Esta psicóloga clínica y doctora en Arte Contemporáneo de verbo irrefrenable, durante mucho tiempo bibliotecaria y responsable del Servicio de Audiovisuales en la Biblioteca Nacional tras haber trabajado en el Instituto del Patrimonio Histórico Español, ahora ya jubilada, se autoimpuso una disciplina férrea que mezclaba el deber con el placer, la reivindicación sentimental con la mera afición a los libros. Y partió en busca de aquella biblioteca de Babel que su abuelo Otón, un viejo maestro de la República enamorado del olor, el tacto, la contemplación y la lectura de los viejos volúmenes, había reunido a lo largo del tiempo.

La colección de libros de Otón Medina —a buen seguro uno de tantos entre aquella pequeña legión de hombres y mujeres que de manera tan honesta como ingenua creyeron que la educación y la cultura podrían combatir la ignorancia y la estulticia en una España llamada a teñirse de oscuro— se volatilizó en el transcurso de la Guerra Civil, después de que su dueño, que vivía cerca del frente de guerra universitario de Madrid, decidiera trasladarla de Madrid a la casa familiar de Cuenca.

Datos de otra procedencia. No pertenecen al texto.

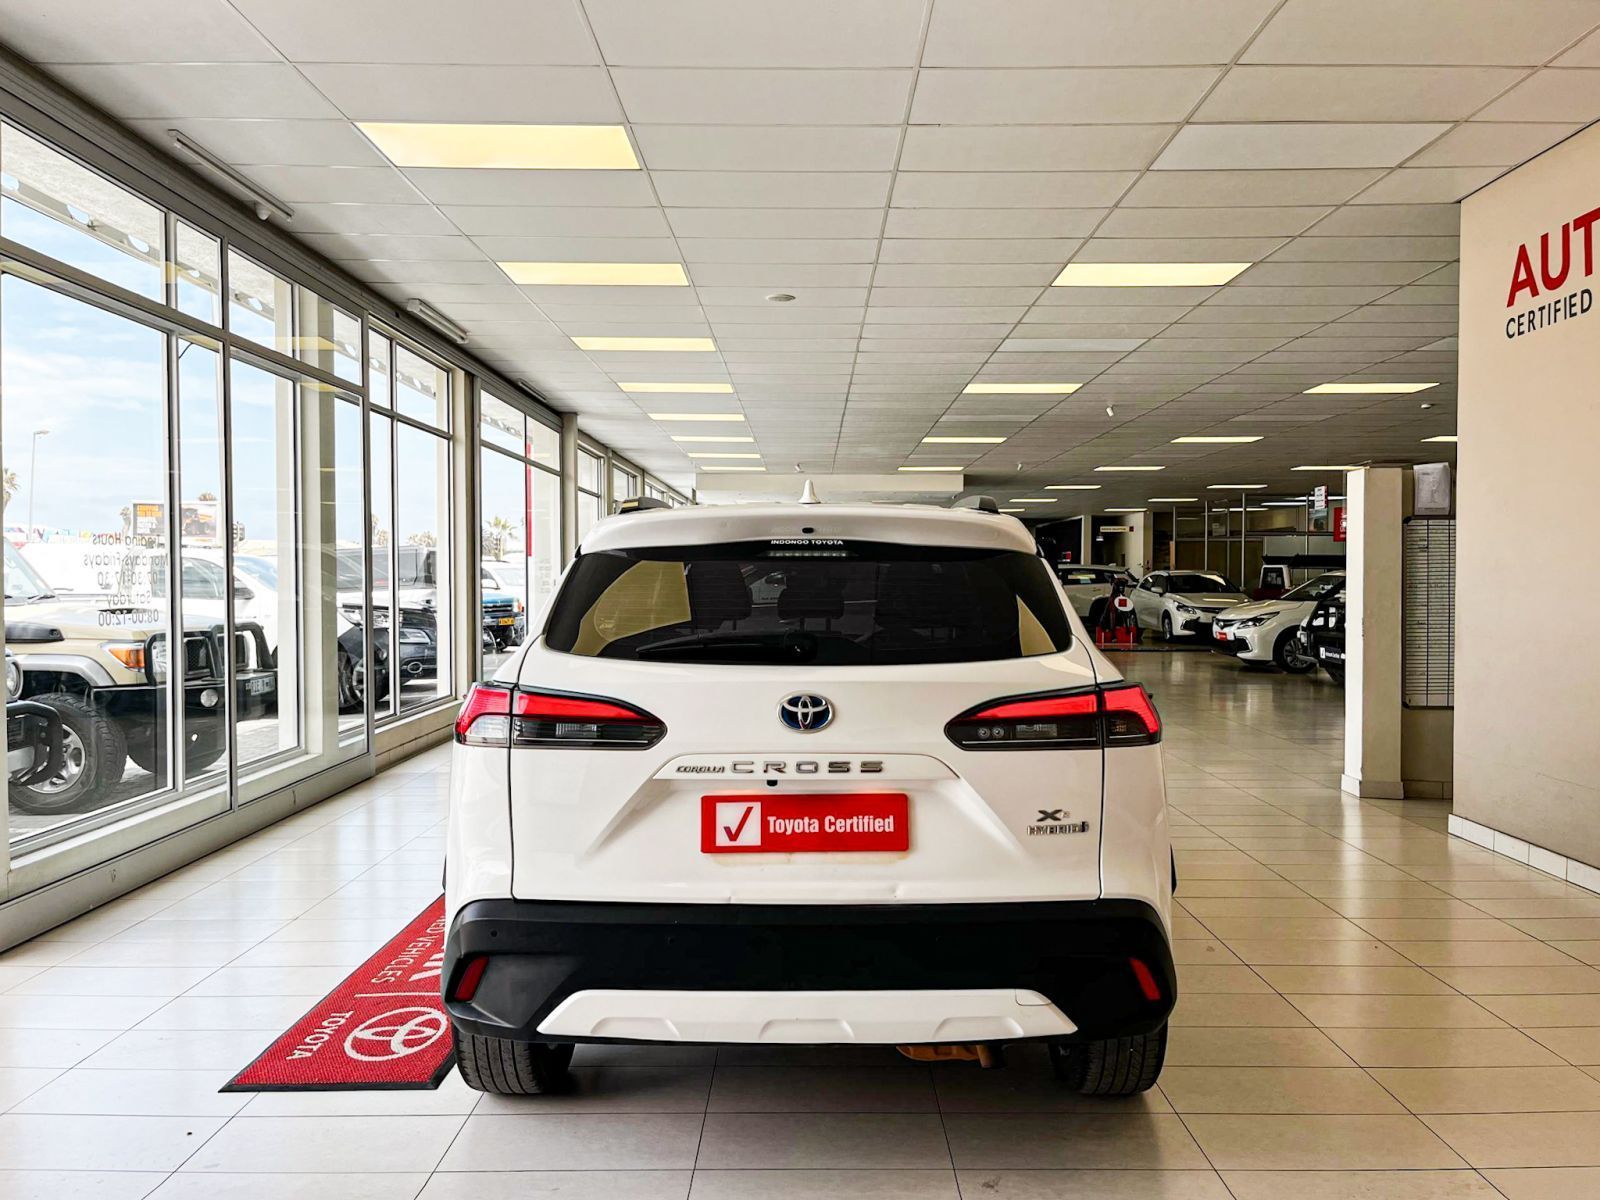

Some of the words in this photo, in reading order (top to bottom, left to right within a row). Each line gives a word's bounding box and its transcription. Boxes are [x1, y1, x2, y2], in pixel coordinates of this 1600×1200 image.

[1505, 288, 1593, 339] CERTIFIED
[676, 765, 725, 774] COROLLA
[731, 760, 884, 774] CROSS
[767, 816, 819, 835] Toyota
[824, 814, 894, 833] Certified
[1027, 824, 1081, 836] HYBRID
[370, 934, 440, 983] VEHICLES
[285, 1010, 354, 1060] TOYOTA

Su nieta nunca logró reunir datos suficientes para saber si fue vendida por lotes por razones económicas, o si fue destruida por algún bombardeo, o si sencillamente quedó dispersada en medio del caos de la contienda. El caso es que, tras años de esfuerzo económico y de constante buceo en busca del libro perdido, Alicia García Medina logró su meta: constituir un corpus de más de 500 volúmenes, muchos de ellos coincidentes con los que atesoró su abuelo y de los que tanto había oído hablar, y cuyo hilo conductor se encontraba no solo en sus páginas, sino también —sobre todo— en sus portadas: un auténtico museo en miniatura de la ilustración española de los años diez, veinte y treinta, en el que se dan la mano el realismo, el surrealismo, el cubismo, el expresionismo, el futurismo, el dadaísmo, el orfismo y todos los demás ismos que quepa imaginar relacionados con las vanguardias europeas de entreguerras, todo ello envuelto en una abrumadora riqueza cromática y tipográfica. Se trata, para empezar, de un gran desmentido en forma de biblioteca: el desmentido de que la ilustración española ni estaba ni se la esperaba en la irrupción de las vanguardias.

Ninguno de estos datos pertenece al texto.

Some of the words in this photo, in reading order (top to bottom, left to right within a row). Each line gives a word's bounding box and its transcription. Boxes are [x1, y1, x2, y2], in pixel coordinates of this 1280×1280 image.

Ahora, la biblioteca renace en forma de una donación y de una exposición. Tras haber dejado algunos ejemplares en los depósitos de su casa de toda la vida, la BNE, García Medina decidió donar el conjunto a la Junta de Castilla-La Mancha. Novelas de Blasco Ibáñez, de John Dos Passos, de Tolstói, de Gorki, de Wenceslao Fernández Flórez, de Saint-Exupéry; relatos de Gómez de la Serna o de Mark Twain; ensayos de Bertrand Russell, Gregorio Marañón y Ortega, de Julio Camba y de Erwin Piscator; obras de teatro; tratados de sexualidad, de política y de economía; panfletos sobre el comunismo; biografías… Asuntos de delicado examen si hablamos de hace un siglo, las prácticas sexuales, el divorcio, la homosexualidad, la eutanasia, la prostitución, el feminismo, la crítica a la burguesía o el antimilitarismo componen parte de la tabla de materias. Y todo ello ilustrado por la mano maestra de los Puyol, Renau, Almada Negreiros, Benet, BagaríaPenagos, Pelegrín, Ballester, Gallástegui, Bartolozzi, ­Amster, Alberto Sánchez, Rawicz, Moholy-Nagy… y una larga serie de autores anónimos.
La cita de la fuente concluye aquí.